Insulin-like growth factors (IGFs) bind with high affinity to specific proteins in human serum, cerebrospinal fluid (CSF), and amniotic fluid. In serum, IGFs are bound to a complex with an apparent mol wt of 150K in which an acidstable binding protein of 53K, termed BP-53, is found. In amniotic fluid, a different binding protein with an apparent mol wt of 25K, termed hBP-25, has been identified. This binding protein is secreted by endometrial cells and has been shown to block the binding of IGFs to their membrane receptors and inhibit the mitogenic action of the IGFs on human choriocarcinoma cells. It has been proposed that hBP-25 modulates the action of IGFs on endometrial tissue, especially during pregnancy.

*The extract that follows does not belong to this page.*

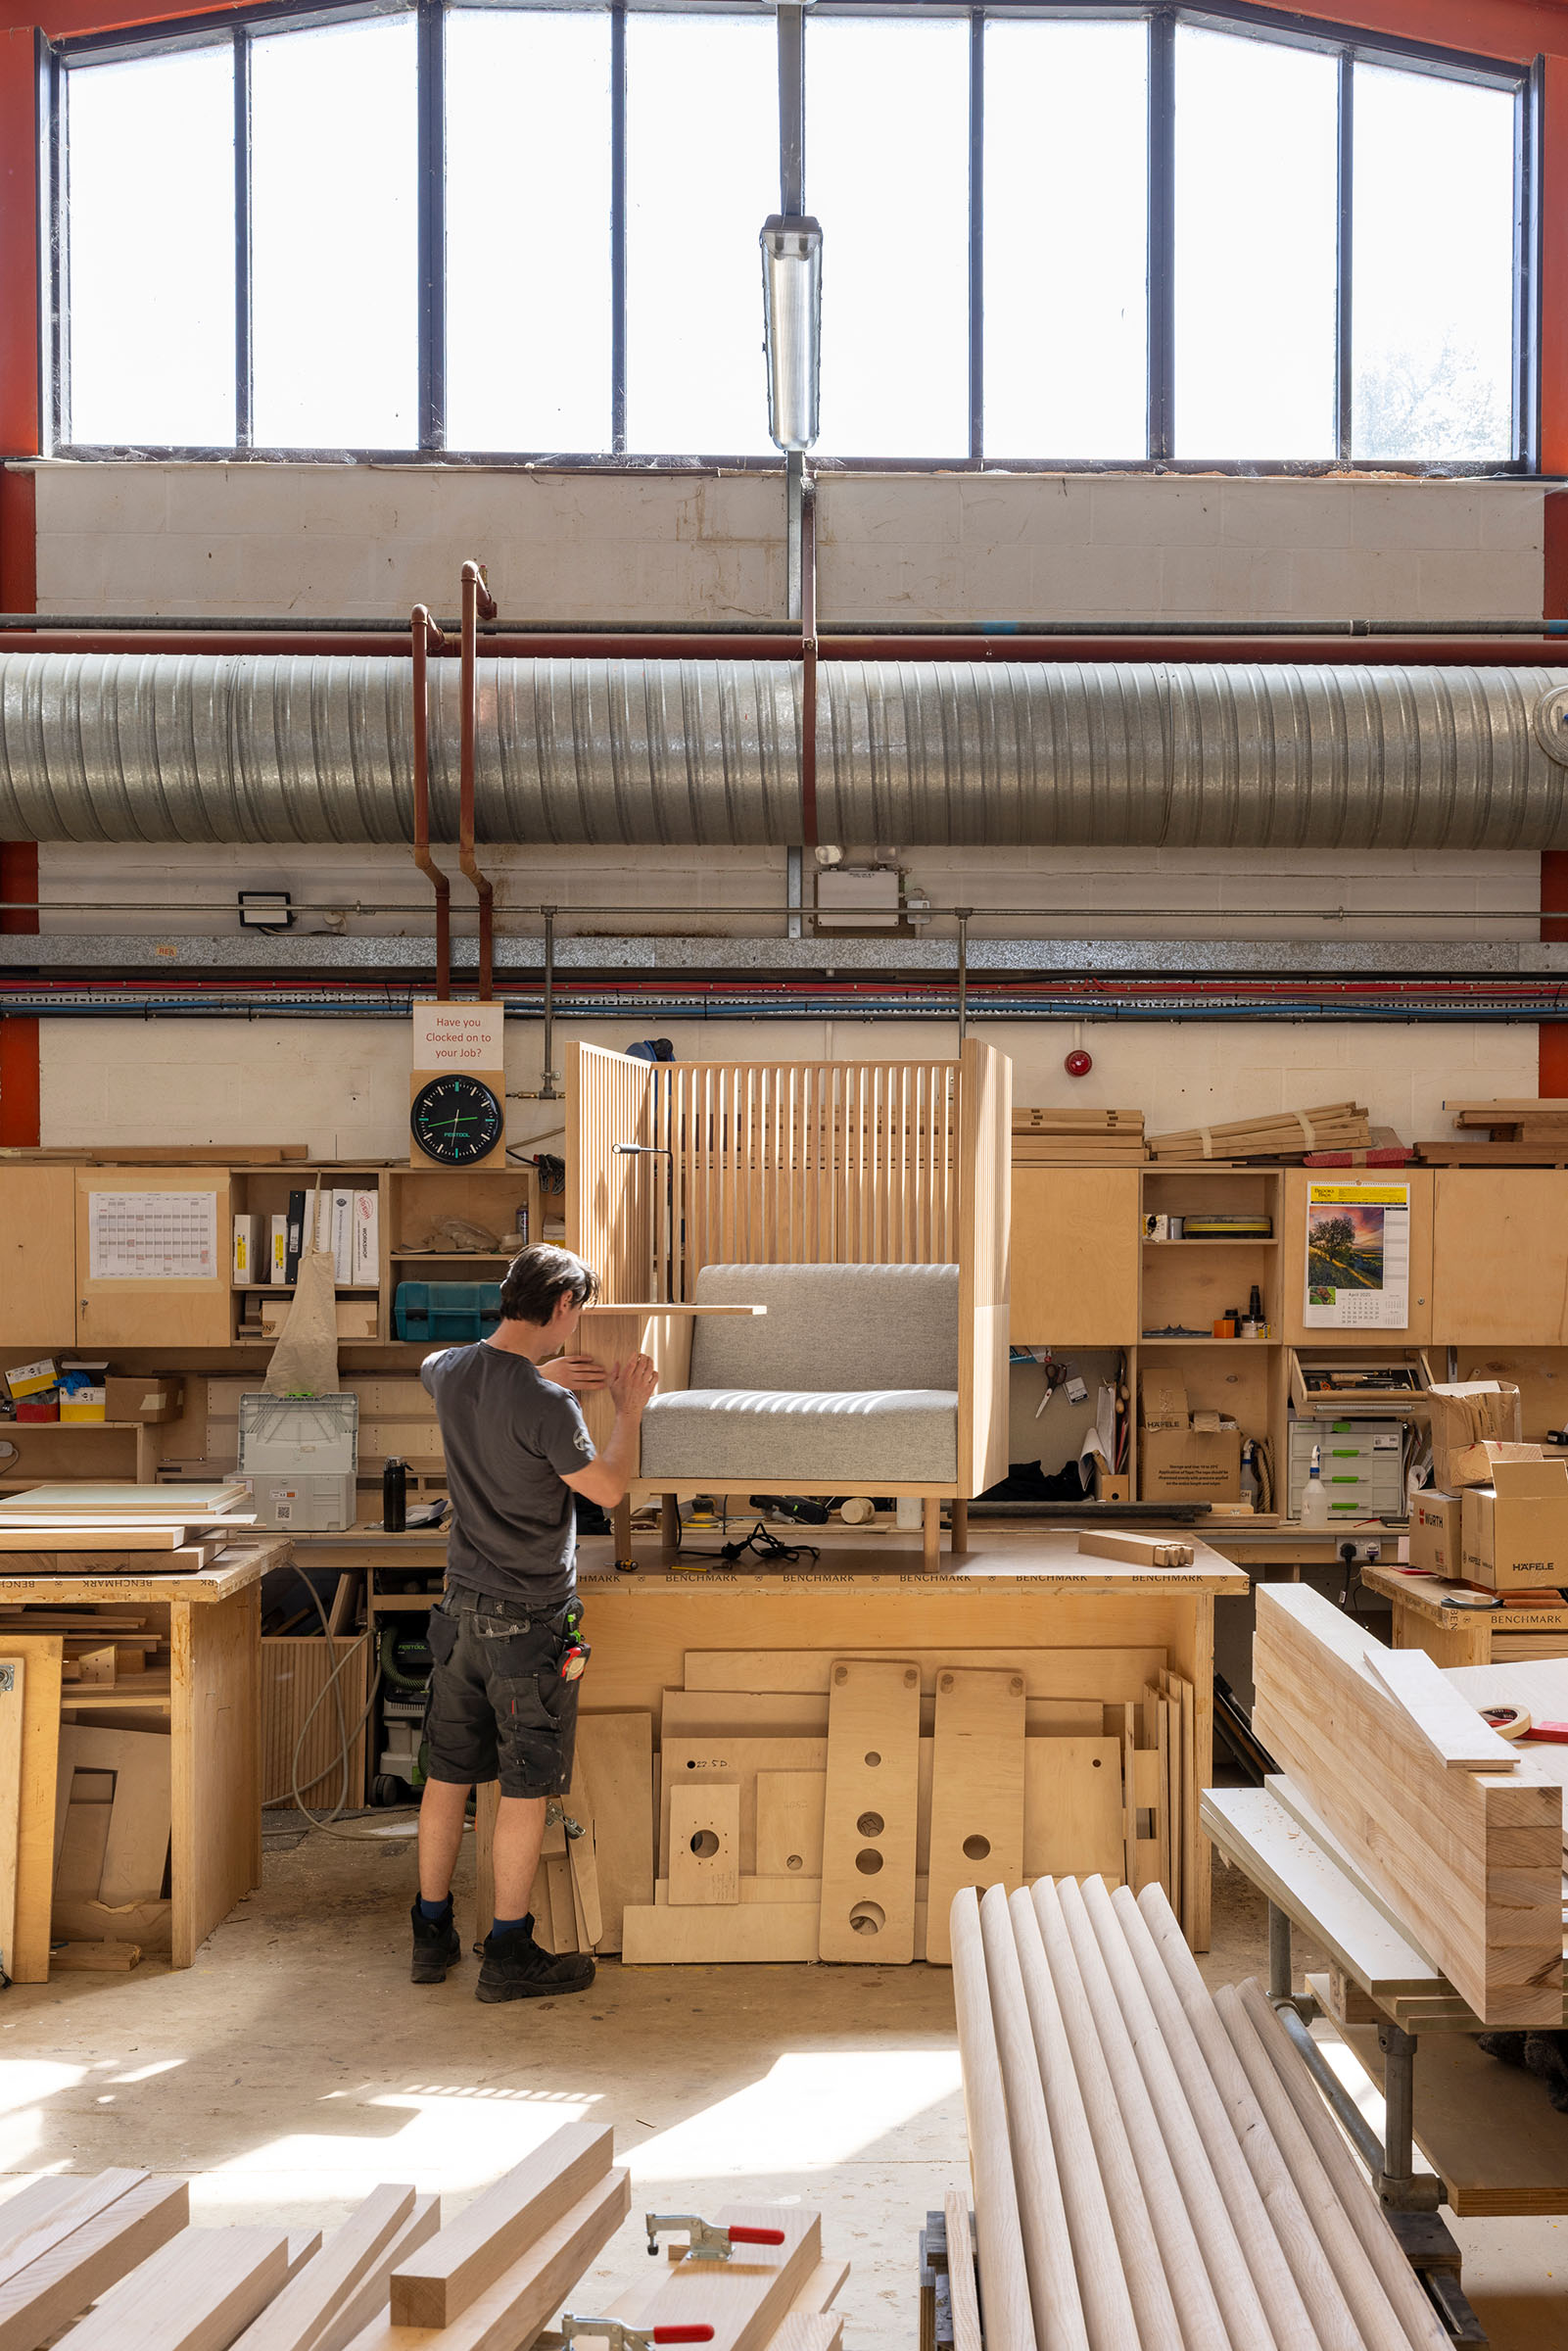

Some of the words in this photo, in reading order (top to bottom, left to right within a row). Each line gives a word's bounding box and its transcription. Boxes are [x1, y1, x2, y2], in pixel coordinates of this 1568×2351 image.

We have identified two binding proteins produced by an endometrial adenocarcinoma, HEC 1A, neither of which is related structurally or genetically to hBP-25. One is present in two glycosylated forms with apparent mol wt of 37K and 40K, both of which are immunoprecipitated with an antiserum made to BP-53. Both forms are reduced to a core protein of 30K upon digestion with endoglycosidase-F. Furthermore, BP-53-specific RNA was detected in HEC 1A cells. A second binding protein with an apparent mol wt of 32K was also detected and did not increase in size upon treatment with endo glycosidase F. These two binding proteins were partially purified by a combination of wheat germ agglutinin and IGF affinity chromatography, and polyclonal antibodies were generated. The polyclonal antiserum specifically recognizes a 32K protein in human CSF, suggesting that the HEC 1A cells produce the same binding protein that is predominant in CSF. The findings suggest that IGF action in the endometrium may be modulated by more than a single binding protein, and that at least three structurally distinct human IGF binding proteins exist.